## RECORDED DATA
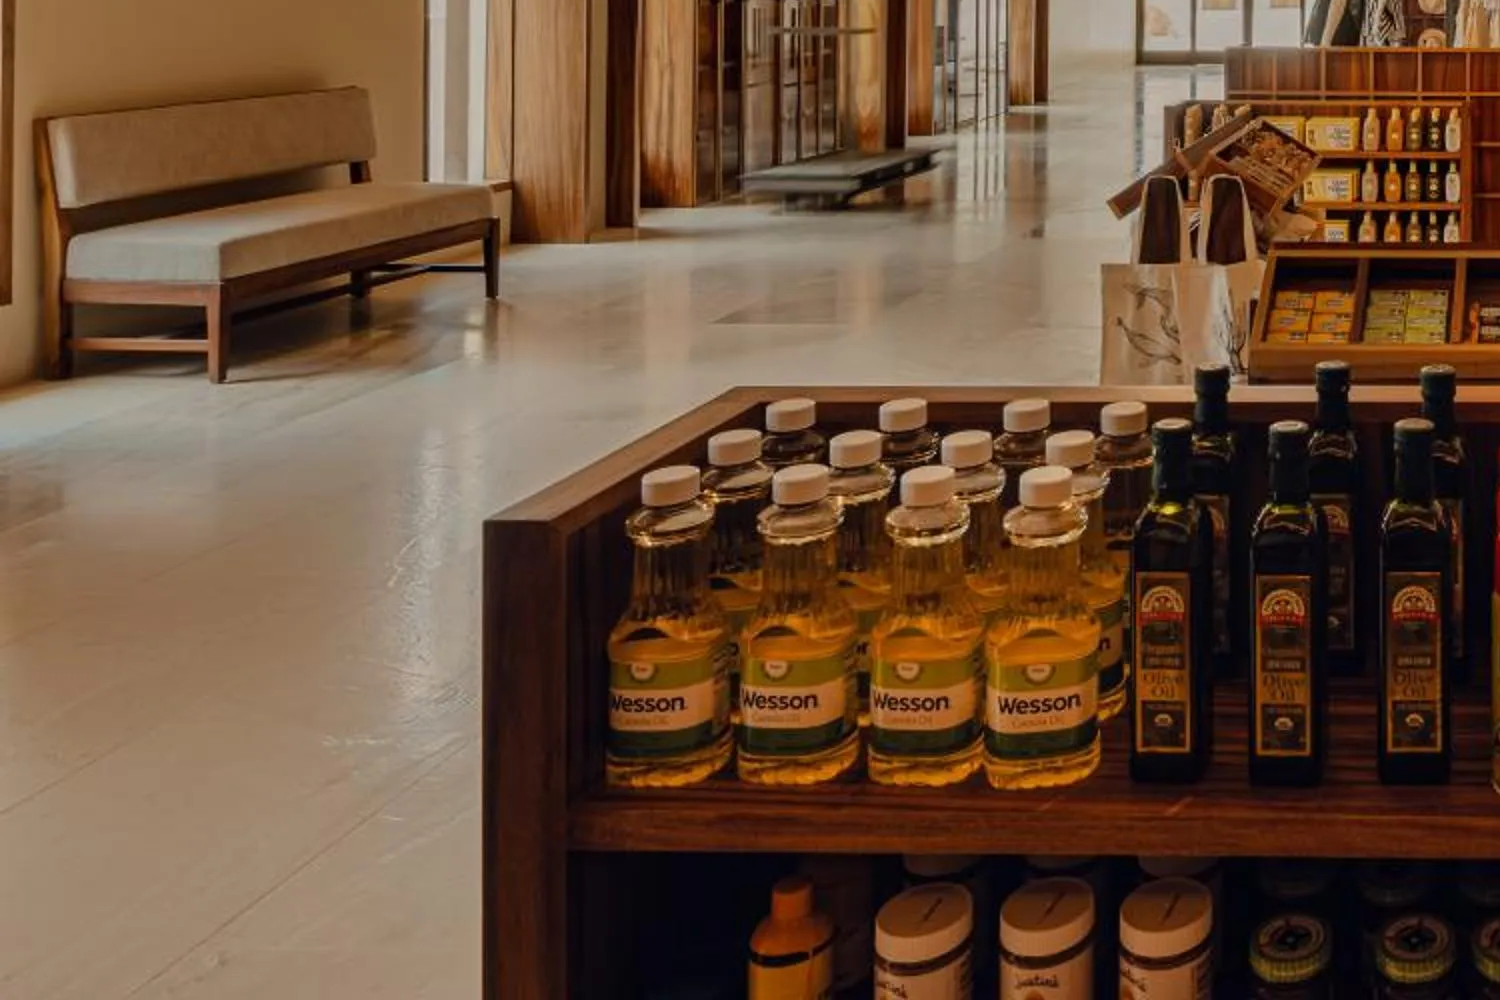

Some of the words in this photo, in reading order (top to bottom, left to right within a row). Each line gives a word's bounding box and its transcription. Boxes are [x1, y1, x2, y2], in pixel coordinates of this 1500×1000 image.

[612, 696, 686, 713] Wesson
[742, 689, 818, 711] Wesson
[874, 692, 949, 712] Wesson
[998, 694, 1081, 715] Wesson

## WHAT YOU SHOULD DO
Print each line of the listing exactly and include no pictures.

## TASK ANSWER
Some of the words in this photo, in reading order (top to bottom, left to right within a row). Each line gives a word's bounding box and its transcription. Boxes are [x1, y1, x2, y2], in pixel coordinates of this 1500×1000 image.

[612, 696, 686, 713] Wesson
[742, 689, 818, 711] Wesson
[874, 692, 949, 712] Wesson
[998, 694, 1081, 715] Wesson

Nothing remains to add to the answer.